[Requirement] Start your answer with the line containing "Some of the text" and end it with the last line of the records below, retyping every line between exactly and adding nothing.
..............................
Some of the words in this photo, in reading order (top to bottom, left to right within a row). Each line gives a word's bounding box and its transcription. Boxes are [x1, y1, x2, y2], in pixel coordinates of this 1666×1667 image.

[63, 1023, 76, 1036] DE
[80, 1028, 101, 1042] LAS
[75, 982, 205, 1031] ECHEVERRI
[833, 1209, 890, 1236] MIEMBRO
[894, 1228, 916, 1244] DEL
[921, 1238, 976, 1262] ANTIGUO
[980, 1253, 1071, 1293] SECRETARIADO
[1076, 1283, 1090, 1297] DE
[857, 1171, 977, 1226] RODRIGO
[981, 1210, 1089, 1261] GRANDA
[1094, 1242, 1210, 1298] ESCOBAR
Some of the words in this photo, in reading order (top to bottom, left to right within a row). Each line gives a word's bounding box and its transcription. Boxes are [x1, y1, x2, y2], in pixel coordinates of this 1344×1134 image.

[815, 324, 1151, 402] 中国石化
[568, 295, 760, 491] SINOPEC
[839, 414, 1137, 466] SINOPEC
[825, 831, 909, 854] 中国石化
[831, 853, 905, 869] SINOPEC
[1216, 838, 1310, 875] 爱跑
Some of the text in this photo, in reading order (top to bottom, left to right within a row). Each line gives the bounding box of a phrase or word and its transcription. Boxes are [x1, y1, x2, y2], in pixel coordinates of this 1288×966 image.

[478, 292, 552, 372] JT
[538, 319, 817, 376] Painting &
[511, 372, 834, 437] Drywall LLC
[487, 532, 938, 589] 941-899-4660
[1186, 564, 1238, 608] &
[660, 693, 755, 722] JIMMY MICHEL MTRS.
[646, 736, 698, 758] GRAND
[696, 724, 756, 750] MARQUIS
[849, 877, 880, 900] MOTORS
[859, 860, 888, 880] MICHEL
..............................
[Answer space]
Some of the text in this photo, in reading order (top to bottom, left to right within a row). Each line gives the bounding box of a phrase or word and its transcription. Boxes are [x1, y1, x2, y2], in pixel coordinates of this 1288×966 image.

[478, 292, 552, 372] JT
[538, 319, 817, 376] Painting &
[511, 372, 834, 437] Drywall LLC
[487, 532, 938, 589] 941-899-4660
[1186, 564, 1238, 608] &
[660, 693, 755, 722] JIMMY MICHEL MTRS.
[646, 736, 698, 758] GRAND
[696, 724, 756, 750] MARQUIS
[849, 877, 880, 900] MOTORS
[859, 860, 888, 880] MICHEL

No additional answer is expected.